Until now, financing had primarily relied on bank loans. To operate more flexibly and reduce dependency on individual financing sources, management decided to add capital market financing as an additional pillar. An international rating was the first crucial step toward that goal.
At this stage, Rating Advisory joined the process. Early on, it was agreed to divide the work into two clearly defined phases:
Phase 1: Preparation of shadow ratings, understand the different assessment approaches of the three major international rating agencies and chose one rating agency.
Phase 2: Guiding the company through the official rating process with the previously selected rating agency.
Phase 1: The Shadow Ratings
Before choosing a rating agency, the company first needed clarity on how each of the three major agencies would view its financials and business profile. Each agency applies its own methodology and prioritizes different factors: one may focus more heavily on capital structure and leverage, another on the stability of rental income, and yet another on portfolio quality.
In close collaboration, the company’s financial metrics, cash flow profile, market position, and strategic outlook were analyzed from each agency’s perspective. The objective was to understand how each agency would “see” the company — which strengths would be recognized, and where potential weaknesses might be perceived.
This gave management a clear picture of which agency best matched the company’s structure, strategy, and philosophy — and with which agency the desired rating range appeared most realistic. Only after this detailed analysis was the formal choice of rating agency made, selecting the one whose methodology aligned best with the company’s identity and business model.
Phase 2: The Rating Process
With the agency selected, the formal rating process began — a phase characterized by intensive preparation and alignment. Together with Rating Advisory, the company crafted its rating story: a structured, compelling presentation of strategy, financials, risk profile, and long-term prospects. All of this was developed with full consideration of the company’s long-standing market position and history.

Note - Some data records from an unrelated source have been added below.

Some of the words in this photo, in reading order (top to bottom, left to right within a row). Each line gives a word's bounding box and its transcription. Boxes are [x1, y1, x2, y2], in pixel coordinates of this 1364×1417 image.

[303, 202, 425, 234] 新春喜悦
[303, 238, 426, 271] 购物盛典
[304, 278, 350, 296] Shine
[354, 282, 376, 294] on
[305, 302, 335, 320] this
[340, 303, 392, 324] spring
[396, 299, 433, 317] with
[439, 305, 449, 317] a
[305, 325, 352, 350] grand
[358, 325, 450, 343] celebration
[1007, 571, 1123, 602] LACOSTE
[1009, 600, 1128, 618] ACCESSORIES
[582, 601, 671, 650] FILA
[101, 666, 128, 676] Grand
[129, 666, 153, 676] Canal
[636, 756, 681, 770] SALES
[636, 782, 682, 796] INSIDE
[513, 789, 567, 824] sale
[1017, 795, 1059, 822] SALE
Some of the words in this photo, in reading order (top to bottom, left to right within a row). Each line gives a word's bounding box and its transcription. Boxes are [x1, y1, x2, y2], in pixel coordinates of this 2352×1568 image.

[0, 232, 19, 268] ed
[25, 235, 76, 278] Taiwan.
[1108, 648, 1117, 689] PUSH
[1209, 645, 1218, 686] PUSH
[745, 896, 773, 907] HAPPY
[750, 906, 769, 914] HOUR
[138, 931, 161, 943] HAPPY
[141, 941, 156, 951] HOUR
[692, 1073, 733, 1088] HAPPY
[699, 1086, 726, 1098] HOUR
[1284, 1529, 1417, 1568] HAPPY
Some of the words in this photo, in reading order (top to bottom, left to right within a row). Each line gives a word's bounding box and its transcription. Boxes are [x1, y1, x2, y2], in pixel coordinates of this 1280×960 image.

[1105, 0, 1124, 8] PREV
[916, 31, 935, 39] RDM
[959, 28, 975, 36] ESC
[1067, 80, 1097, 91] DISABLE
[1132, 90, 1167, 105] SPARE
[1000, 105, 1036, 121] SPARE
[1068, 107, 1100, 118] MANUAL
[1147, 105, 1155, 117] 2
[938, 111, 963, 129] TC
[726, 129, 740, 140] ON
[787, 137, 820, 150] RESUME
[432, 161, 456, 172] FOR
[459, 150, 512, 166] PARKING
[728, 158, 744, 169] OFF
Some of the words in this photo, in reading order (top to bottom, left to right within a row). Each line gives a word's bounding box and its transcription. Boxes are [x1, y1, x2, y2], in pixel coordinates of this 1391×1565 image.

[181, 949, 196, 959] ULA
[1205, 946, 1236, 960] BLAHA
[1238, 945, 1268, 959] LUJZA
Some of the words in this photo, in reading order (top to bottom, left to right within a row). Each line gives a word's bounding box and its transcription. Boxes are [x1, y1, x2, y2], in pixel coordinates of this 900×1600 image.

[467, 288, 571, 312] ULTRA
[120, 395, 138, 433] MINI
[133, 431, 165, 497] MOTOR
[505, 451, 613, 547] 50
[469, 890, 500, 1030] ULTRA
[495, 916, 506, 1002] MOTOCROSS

Workshops, Q&A sessions, internal analyses, and discussions with management followed. The presentation was refined again and again — with the goal of delivering a consistent, transparent, and credible narrative.
Particular attention was given to real estate-specific elements — such as valuation trends, tenant quality, and the proportion of lettable space — ensuring that these were presented in a way that aligned with the agency’s analytical framework and could be processed efficiently by their analysts.
This phase was demanding and intensive, but also highly insightful. The company gained a deeper understanding of how external analysts interpret its financials, which metrics carry the greatest weight in the rating agency’s rating framework, and how strategic decisions directly impact creditworthiness.
The Result
After several months of thorough preparation and close collaboration, the moment arrived: the rating agency published the official outcome — a rating that aligned exactly with expectations.
The rating not only marked the successful conclusion of a structured process but also the beginning of a new chapter. The path to the capital market was now open. The company had secured an additional refinancing source and strengthened its transparency toward both investors and banking partners.
Looking Back
In retrospect, success stemmed from the combination of careful preparation, analytical clarity, and targeted guidance.
The shadow ratings provided a solid foundation for choosing the right agency and assessing the company’s own positioning realistically.
The structured support throughout the formal rating process ensured that the company was optimally prepared — technically, communicatively, and strategically.
The project became a strong example of how a rating is not only a means to an end, but also a strategic learning process. It strengthened the company — its market presence, its professionalism, and its clarity about the impact of strategic decisions.